Module: LTR Data API

Introduction

The LTR Data API provides data sets usable for advanced use-cases of search ranking optimization, such as learning-to-rank or other machine-learning approaches. Currently it offers 3 different types of data, all usable for the assessment and evaluation of products in different e-commerce contexts:

In each data set, products are represented by their ID only, as exposed in the shop frontend to the search-tracking library “search collector”. The scores of each data set is retrieved from data of the same date range and considers product impressions, as well as follow-up interest through clicks and optionally carts. All scores are evaluated using standard statistical tools to ensure high confidence in the provided values. The final score values are provided in two different formats: one for multiplication in the range of 0 to 2, and the other for addition in the range of -1 to 1.

Overall Product Attractiveness Scores

This dataset consists of item attractiveness scores for all products, aggregated over all tracked events in search contexts. The attractiveness score is a weighted combination of two scores: the engagement score and the selling score. The dataset contains scores for all products seen within the defined date range; this means there are also products considered non-attractive, which receive low or negative scores.

Included Values per Product:

  • EventCounts that were used as a basis for the score:

    • impressions: An impression is counted when the item is viewed at least once during a session.

    • clicks: A click is counted once per session and search-result, when the detail page of item is viewed

    • carts: A cart is counted once per session and referring search-result, when an item is placed into cart

  • engagementScore: Intermediate score representing the level of engagement associated with the item.

  • sellingScore: Intermediate score representing the item’s likelihood of being sold.

  • finalAttractiveness: score in the range 0 to 2, intended for use as a multiplicative ranking factor:

    • Values greater than 1 indicate an attractive item and may be used to boost it.

    • A value of exactly 1 is neutral and leaves the original score unchanged.

    • Values below 1 indicate an underperforming item and may be used to penalize it.

  • adjustedScore: Additive representation of the final attractiveness score, normalized to the range -1 to 1.

Search-Specific Product Attractiveness Scores

This dataset consists of item attractiveness scores for products in the context of specific search results.
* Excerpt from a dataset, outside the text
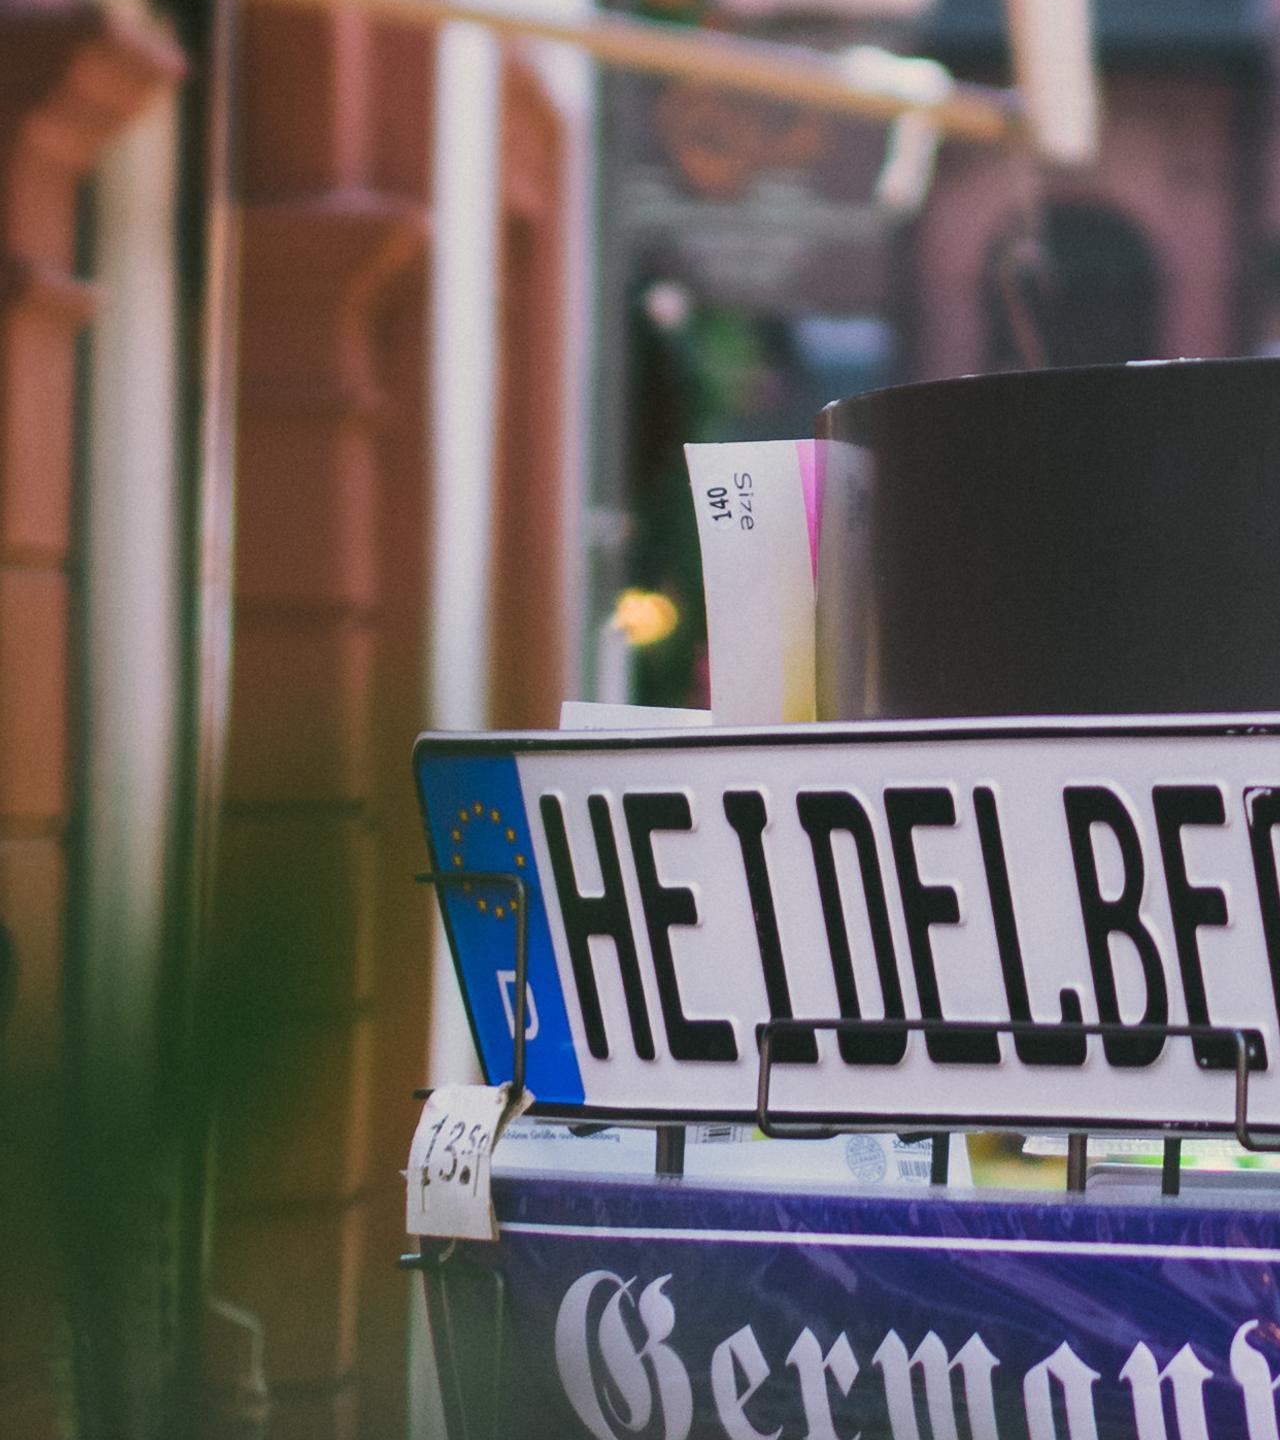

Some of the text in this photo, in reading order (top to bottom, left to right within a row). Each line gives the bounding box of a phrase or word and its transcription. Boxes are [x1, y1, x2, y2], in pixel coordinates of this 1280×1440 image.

[706, 486, 733, 522] 140
[733, 472, 755, 531] Size
[495, 968, 541, 1042] D
Search results are represented as unified queries as seen in the according date range. The attractiveness score is a weighted combination of two scores: the engagement score and the selling score, both evaluated in the context of queries. Therefore, a single product can be evaluated several times if seen in different search results. The dataset contains scores for all products that reach a certain threshold during the defined date range; this means there are also products considered non-attractive, which receive low or negative scores in the corresponding context.
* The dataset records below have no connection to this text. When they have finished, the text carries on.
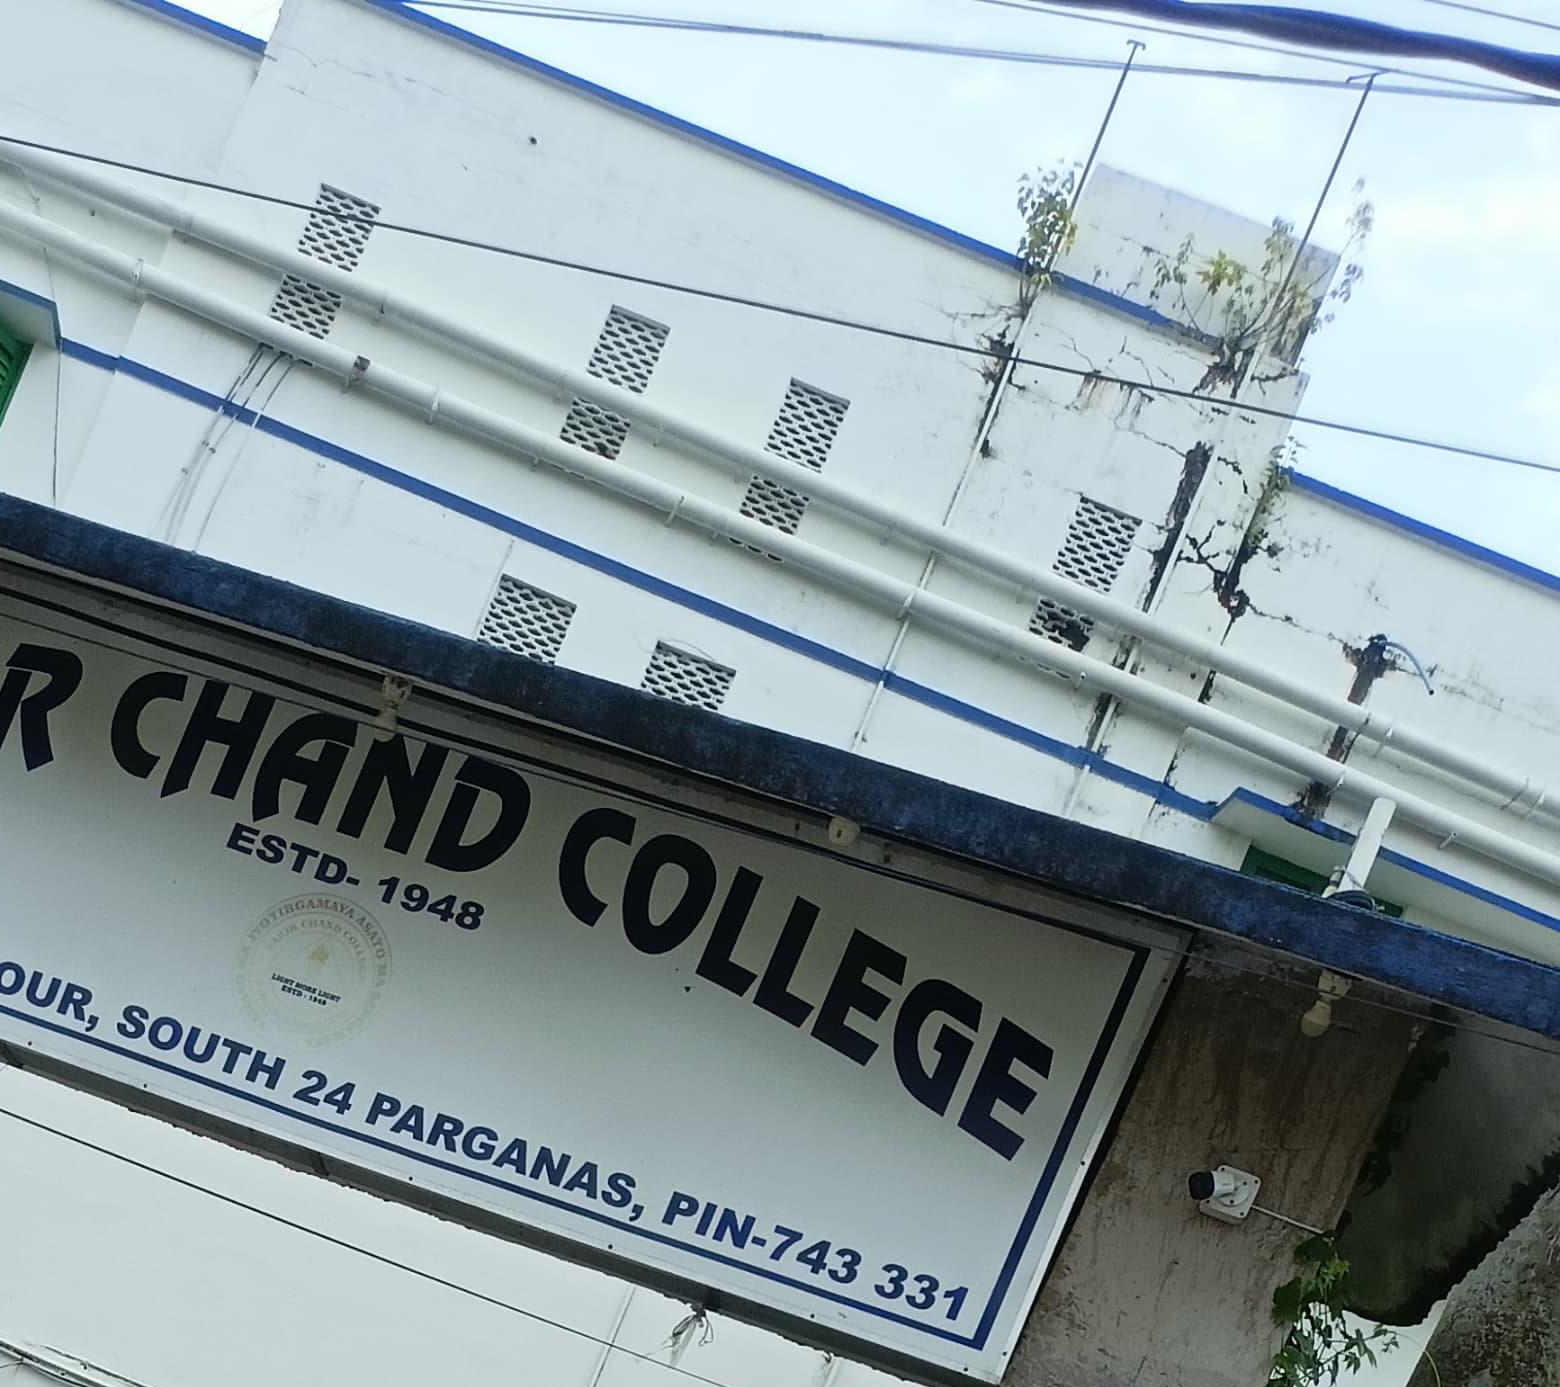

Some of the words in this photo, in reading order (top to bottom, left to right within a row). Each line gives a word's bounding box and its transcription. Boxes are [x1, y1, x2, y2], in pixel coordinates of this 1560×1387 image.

[111, 671, 532, 872] CHAND
[559, 808, 1054, 1161] COLLEGE
[227, 822, 359, 887] ESTD-
[378, 875, 485, 933] 1948
[116, 1005, 288, 1092] SOUTH
[293, 1070, 352, 1115] 24
[365, 1092, 644, 1222] PARGANAS,
[662, 1192, 863, 1284] PIN-743
[874, 1263, 968, 1322] 331
Included Values per Product and Query:

Same as for the Overall Product Attractiveness Scores

Product Trend Scores

This dataset consists of item trend scores for all products, aggregated over all search contexts. That score represent whether a product is gaining or losing popularity by comparing its recent performance to a previous time period. The trend score is the result of several weighted features which are included in the dataset. The weights are continuously tuned by standard machine learning approaches to achieve highly confident values. Scores are only exposed for products where an upward or downward trend could be detected. Low or negative scores are exposed for products that show decreasing interest.

Included Values per Product

  • velocityScore: Intermediate score representing the rate of change between the previous observation period and the current observation period.
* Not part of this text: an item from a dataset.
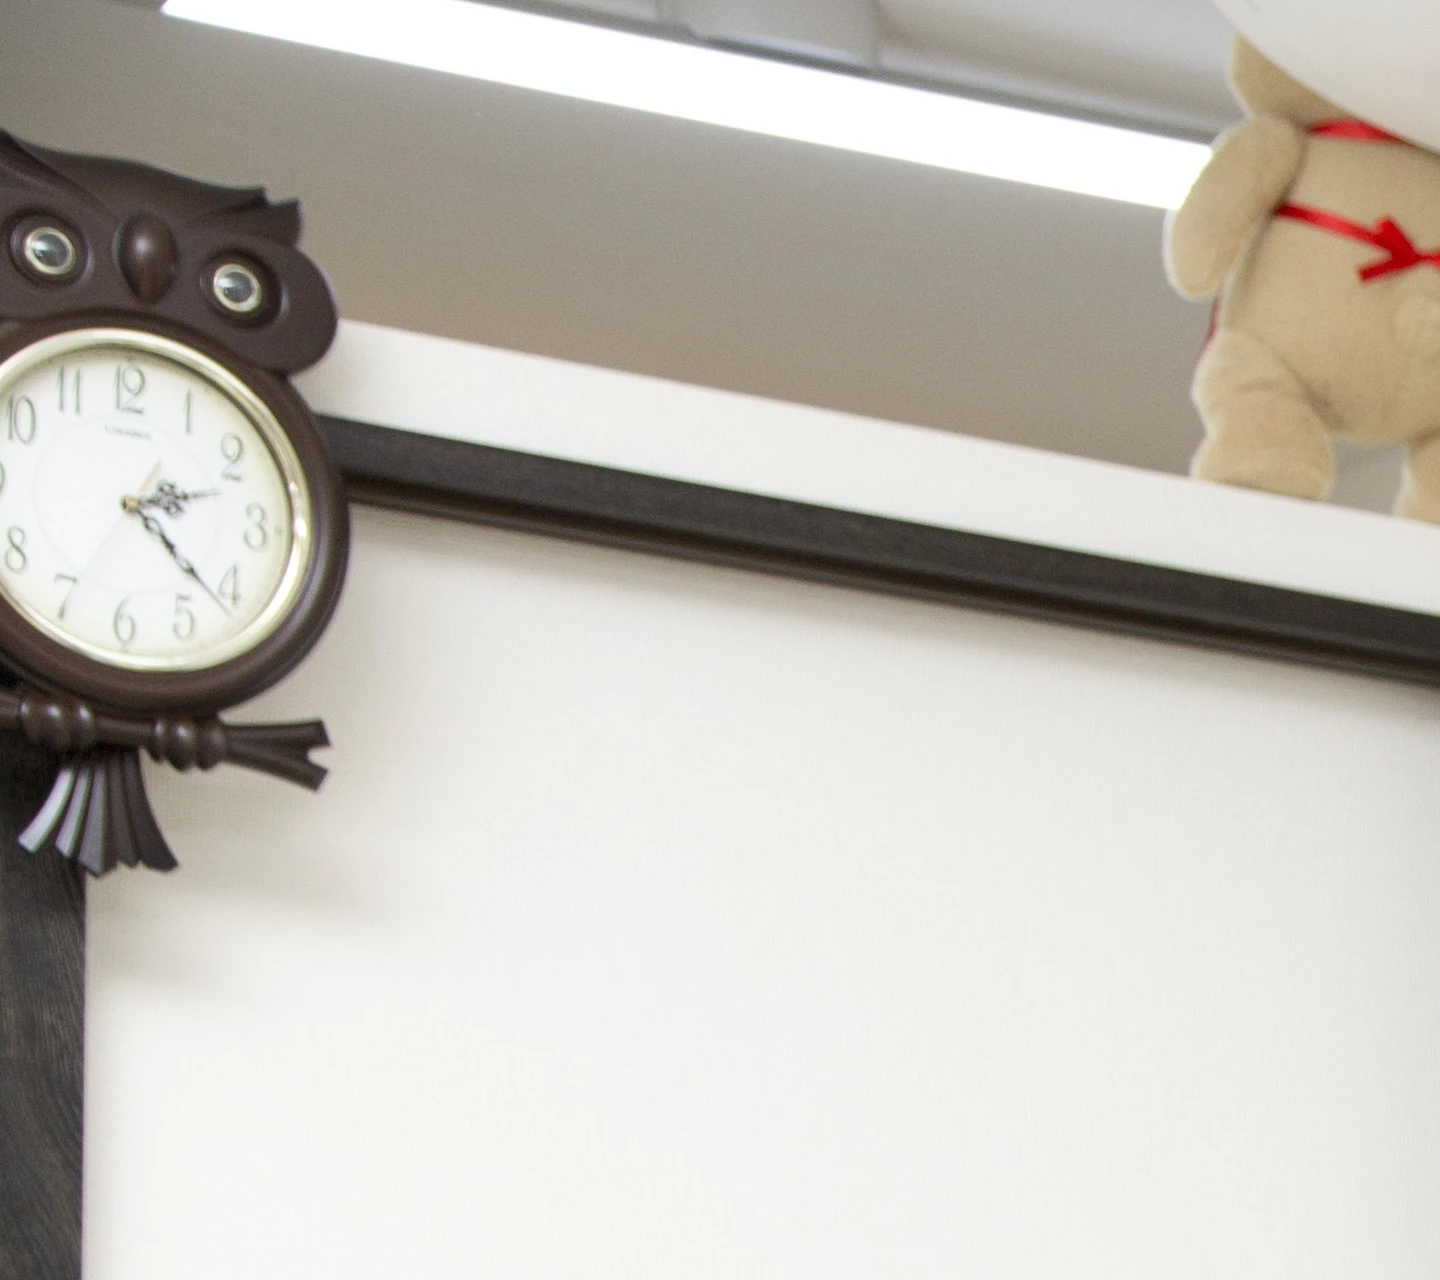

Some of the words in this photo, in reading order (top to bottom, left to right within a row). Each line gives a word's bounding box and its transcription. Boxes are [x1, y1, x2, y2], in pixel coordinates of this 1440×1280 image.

  • qualityScore: Intermediate score representing the consistency of the item’s performance throughout the observation period.

  • volatilityScore: Intermediate score representing the volatility of the item’s performance, typically based on its standard deviation.

  • riskScore: Intermediate score representing the level of uncertainty associated with the item’s trend assessment.

  • upsideScore: Intermediate score used to smooth the item’s attractiveness score based on the number of impressions it received.

  • accelerationScore: Intermediate score representing the acceleration of the item’s trend, calculated as the rate of change of the velocity score.

  • impressionVelocityScore: Intermediate score representing the rate of change in the item’s impressions.

  • impressionAccelerationScore: Intermediate score representing the acceleration of the item’s impressions, calculated as the rate of change of the impression velocity score.

  • shareVelocityScore: Intermediate score representing the item’s velocity relative to the overall velocity of the shop.

  • finalAttractiveness: score in the range 0 to 2, intended for use as a multiplicative ranking factor:

    • Values greater than 1 indicate an attractive item and may be used to boost it.

    • A value of exactly 1 is neutral and leaves the original score unchanged.

    • Values below 1 indicate an underperforming item and may be used to penalize it.

  • adjustedScore: Additive representation of the final attractiveness score, normalized to the range -1 to 1.